My friend Rene gives a terrific party, whether in her vineyard-adjacent home (posted about here, here and here) or her San Francisco apartment surrounded by spectacular views (here and here). But today she's the creative source behind a toy party populated by a menagerie of adorable knit critters. Lots of critters. Why so many? Well, Rene has five grandchildren who know that snuggling up on her lap and sweetly asking their Zaza for an octopus with orange spots, a pink Teddy bear or any other manner of whimsical creature are requests she can't resist.  Who could?

She started knitting as a youngster in her native Scotland, where most girls learned to knit and sew as a matter of necessity. "We needed those warm wool jumpers because it was so cold," she says.  45 years of living in far-warmer California have only increased her love of knitting, quilting and other sewing arts, and her skills levels are impressive.  An avid gardener, she also has developed a bold sense of color. It won't surprise you that she is a major fan of Kaffe Fassett.

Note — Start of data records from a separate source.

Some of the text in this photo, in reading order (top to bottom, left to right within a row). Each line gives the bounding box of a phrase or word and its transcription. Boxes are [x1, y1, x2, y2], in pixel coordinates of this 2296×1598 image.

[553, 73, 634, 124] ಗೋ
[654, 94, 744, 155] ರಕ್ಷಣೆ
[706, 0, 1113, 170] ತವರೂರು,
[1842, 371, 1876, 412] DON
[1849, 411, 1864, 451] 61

Her first knitted toy was a noddy with big ears, a gift for a niece. "She had it until she was an adult, when it finally fell apart!" Nowadays, all the toys are for her grandchildren. "Some of the toys seem to have disappeared into the toy box. Of course my grandchildren have their Lego sets, computer games and building sets, but when I ask them if they actually play with the knitted toys they always say, "Oh, yes, Zaza; we love them!'"

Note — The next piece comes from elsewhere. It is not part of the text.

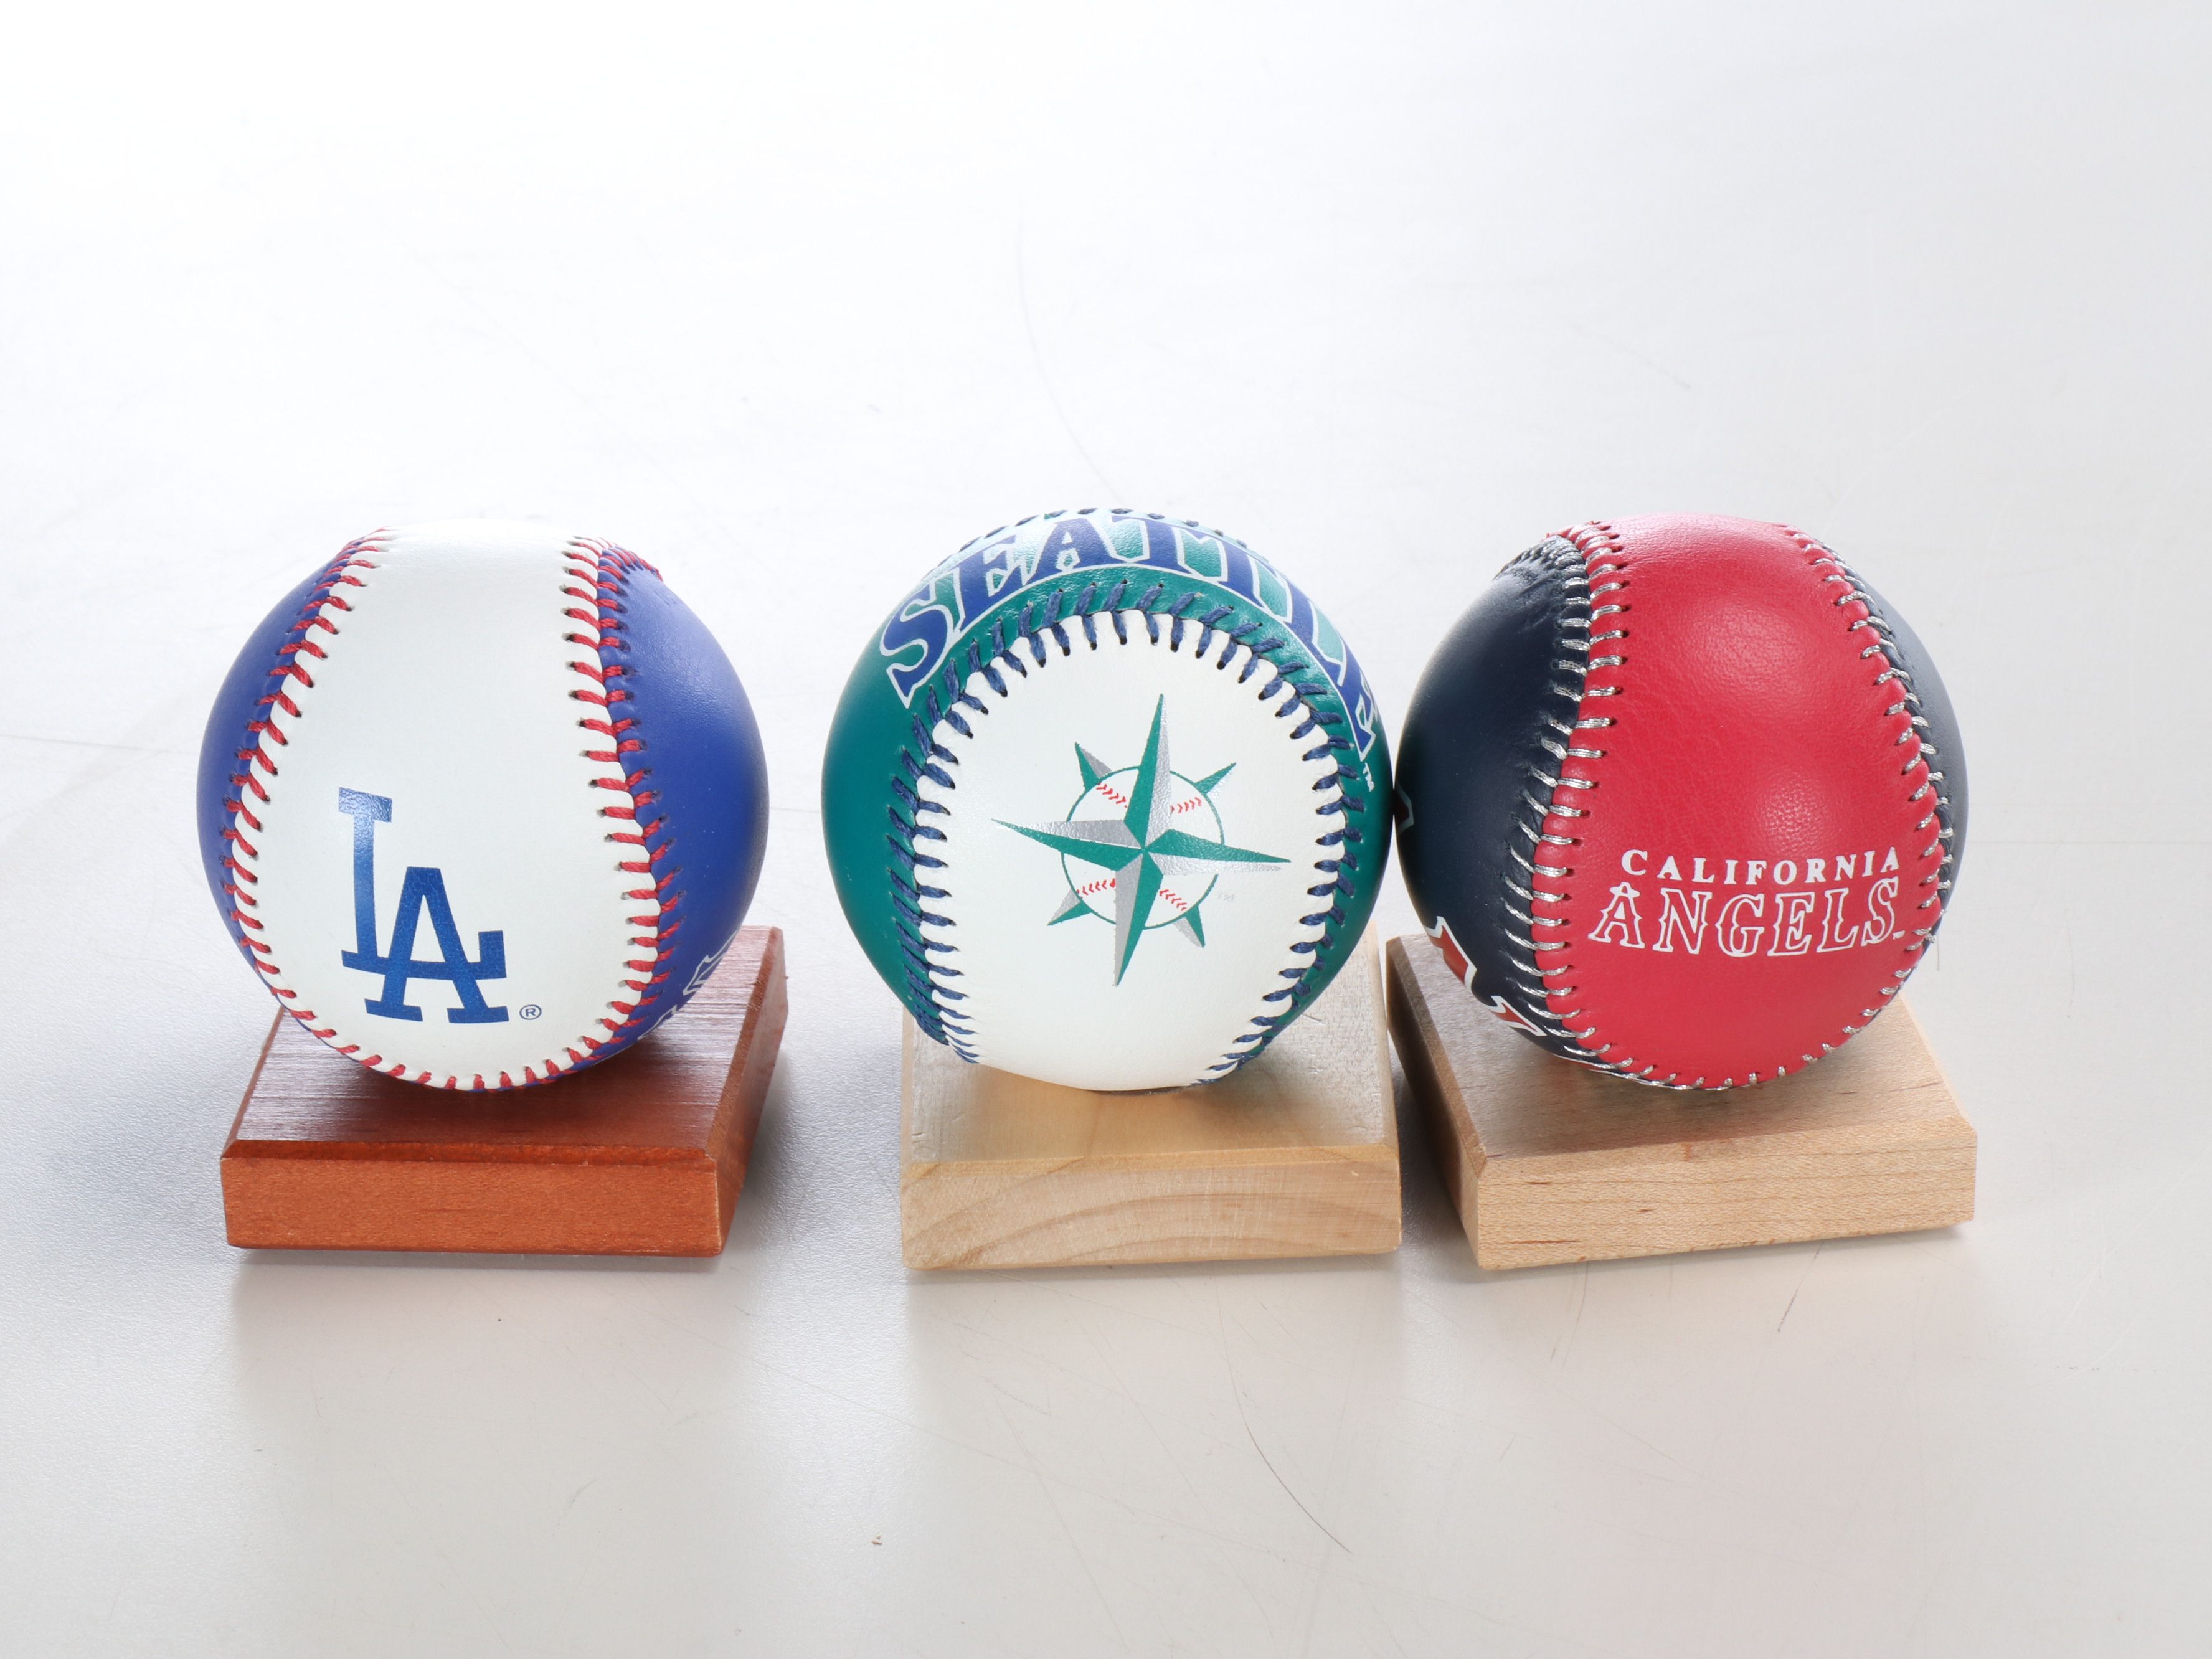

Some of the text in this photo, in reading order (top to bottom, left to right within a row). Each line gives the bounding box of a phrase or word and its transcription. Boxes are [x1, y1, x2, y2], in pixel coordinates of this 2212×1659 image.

[879, 516, 1377, 762] SEATTLE
[338, 787, 509, 1023] LA
[1587, 876, 1899, 958] ANGELS
[1621, 846, 1900, 885] CALIFORNIA

Can you mentally fast-forward 20 years with me and see these grandchildren passing their wooly toys on to their own children? What a legacy!

If you'd like to knit your own menagerie, Rene shares her sources: 

Most of the toys came from this highly recommended book,  Knitted Toys by Zoe Mellor

Nellie the Sheep is from Debbie Bliss Baby Style and the lamb is from Fiber Trends Felt Flock.

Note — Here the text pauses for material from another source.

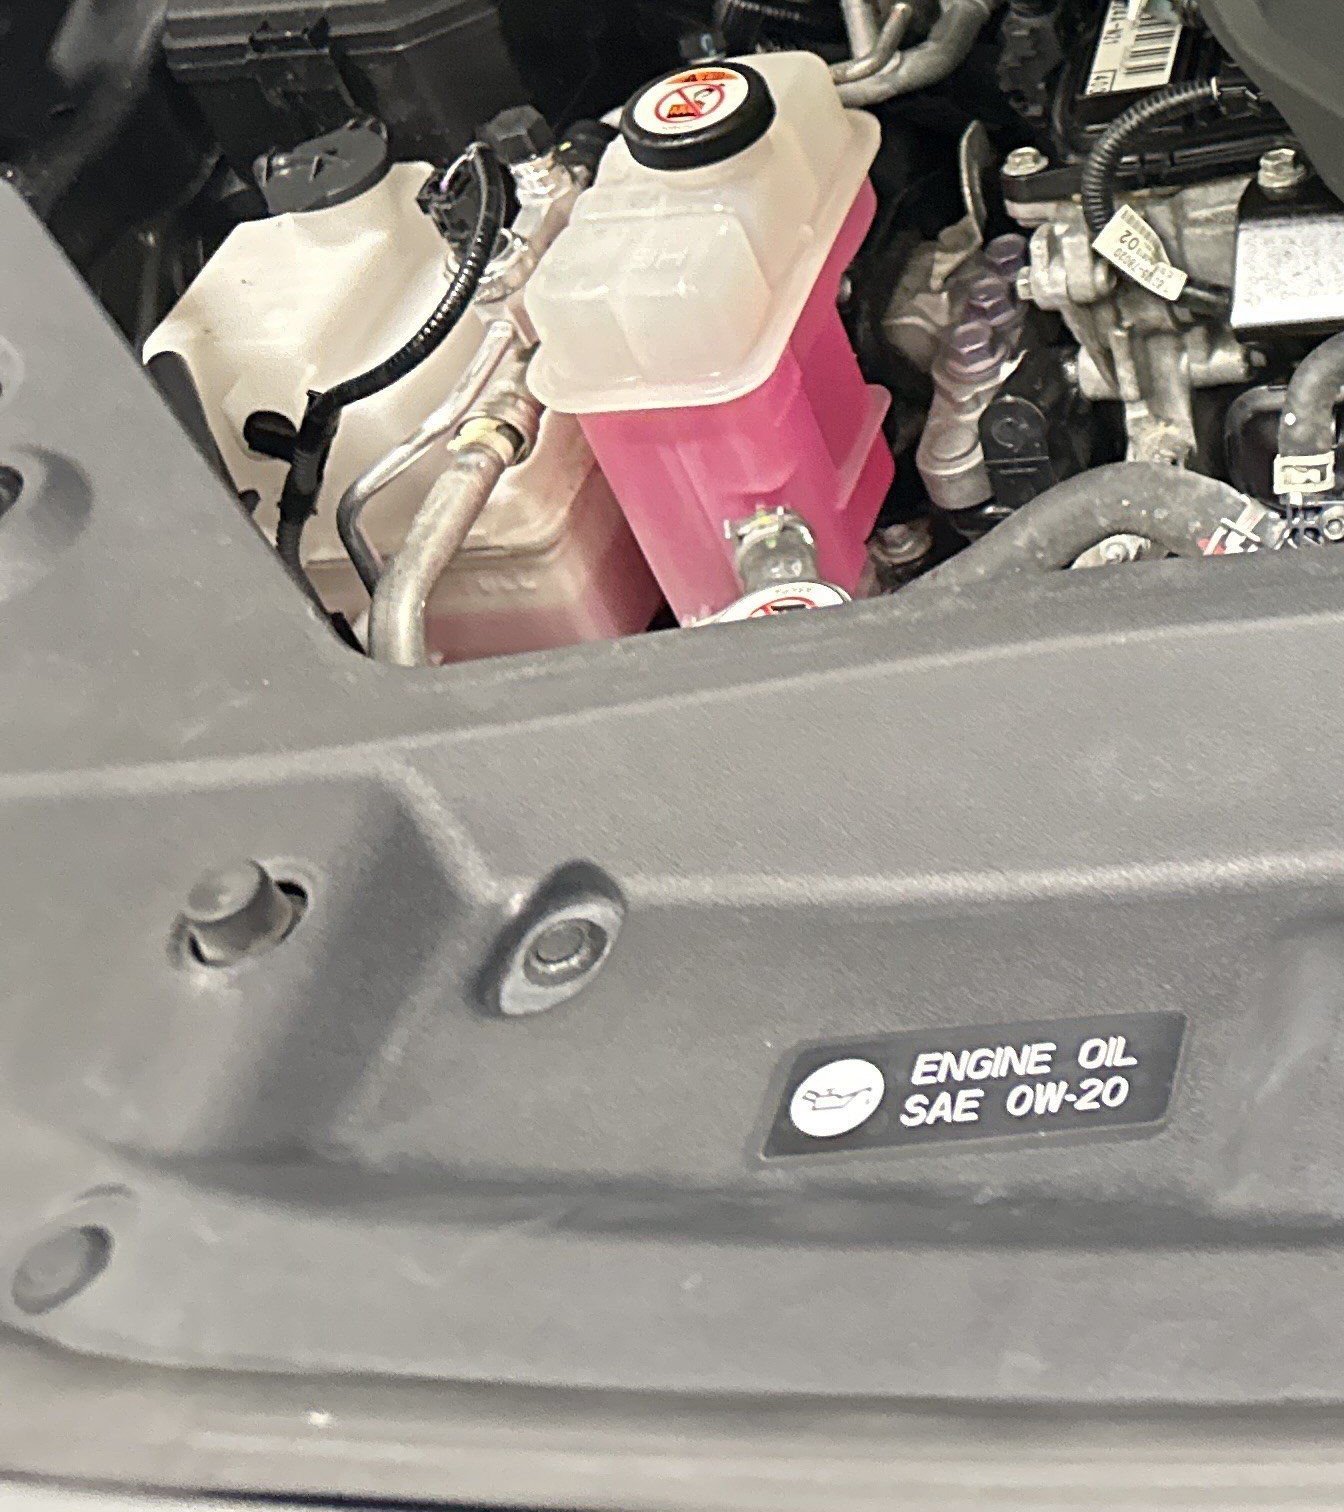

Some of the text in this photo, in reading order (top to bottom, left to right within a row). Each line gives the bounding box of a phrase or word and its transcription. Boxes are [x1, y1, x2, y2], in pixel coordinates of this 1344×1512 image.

[910, 1035, 1138, 1086] ENGINE OIL
[899, 1075, 1130, 1127] SAE 0W-20

The other patterns have been found on Ravelry:  Ribbit Frog is a free pattern by Susan B. Anderson and had to be knitted 3 times for the the 3 children of her youngest daughter, seen below with Rene.  There is a tennis ball in the body which gives them a big, full tummy.  As with all of the knitted toys, Bunty Bunny was fast knitting, but the assembly took time and getting it to look like a rabbit was the challenge.  Golden Bunny by Madmonkeyknits.  Octopus Plushie by Alison Kao is free.

Rene chooses her yarn mostly for the color and also pays attention to the gauge.  Her yarn preferences when knitting toys are Rowan All Seasons Cotton, Encore, Jamiesons Shetland DK,  plus Baby Ull and Rowan Pure Wool 4 ply for the finer knits.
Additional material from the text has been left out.